The C Preprocessor (which I will usually call CPP) is responsible for macro expansion and processing lines with a leading #. As we’ve said, it does not fully support recursion. As you might expect, that’s the core of the actual problem in our first attempt. Yet, the preprocessor happily thinks it did its job. We’ll see in more detail what’s going on, but the crux of this particular problem is how recursion is disallowed, not that it IS disallowed.

The problem here is that C macros are their own programming language, being used to generate C code. The macro language doesn’t model most of the interesting parts of the language, and it is quite easy to produce code that the preprocessor finds acceptable, that the compiler cannot understand (as we will see).

In both these cases, the preprocessor feels like it’s done its job, and passes off its work to the C compiler. The C compiler gets the generated code, and has no idea that macros were used. It calls the error as it sees it.

This disconnect between the preprocessor and the compiler is one of the things that makes macros in C so unfriendly.

If a macro expansion (basically the same as an ‘evaluation’) is recursive, the CPP decides “they can’t possibly have wanted recursion here, because that might loop forever, so this must be plain old text I have to substitute”. As a result, the emitted code will still contain the unexpanded macro.

How can we confirm this?

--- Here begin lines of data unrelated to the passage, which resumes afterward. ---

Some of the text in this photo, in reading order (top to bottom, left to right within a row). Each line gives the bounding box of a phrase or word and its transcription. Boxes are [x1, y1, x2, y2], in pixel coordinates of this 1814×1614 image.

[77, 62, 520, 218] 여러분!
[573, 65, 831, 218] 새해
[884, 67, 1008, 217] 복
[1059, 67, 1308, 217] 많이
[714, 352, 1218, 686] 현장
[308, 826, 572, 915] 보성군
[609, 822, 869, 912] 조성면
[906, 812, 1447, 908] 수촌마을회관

If we can’t understand the resulting transformations, we’re going to end up stumbling around in the dark.

Many developers don’t know how to see what the C preprocessor actually produces. If the preprocessor successfully exits, we can see it’s output by stopping the compiler after the preprocessing phase, generally with the -E flag. If we don’t give a file name (via the -o flag), we should see the results on the terminal. And at least in the case of clang, we will even get output up to the point that we did something so wrong that the preprocessor gives us an error.

For the code above, running cc -E tmp.c works without errors, and dumps the output of CPP to my terminal.

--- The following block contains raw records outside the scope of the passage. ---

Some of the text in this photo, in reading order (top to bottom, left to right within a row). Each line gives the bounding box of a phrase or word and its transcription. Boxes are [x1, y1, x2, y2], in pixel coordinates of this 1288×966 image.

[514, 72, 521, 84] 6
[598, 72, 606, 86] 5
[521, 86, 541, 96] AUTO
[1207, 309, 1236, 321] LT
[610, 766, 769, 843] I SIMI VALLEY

That consists of a lot of stuff you might not expect to see. The output contains our code after the preprocessor has fully expanded it. But that full expansion includes the results of it preprocessing all of the header files we pulled in, which in our case was stdio.h, and any cascading dependencies it might have.

However, our code is easy to find in that noise. The last thing output will be our fully translated main() function, ready to be input into the C compiler. For the case where we add +1 at the beginning of the macro, we will see:

int
main()
{
    printf("COUNT() = %d\n", (+1 _COUNT_TOP(2, 3) + 0));
    return 0;
}

Here, the compiler doesn’t have to try to look up the symbol _COUNT_TOP; it knows that it doesn’t make sense to have a function call after a number with no operator in between.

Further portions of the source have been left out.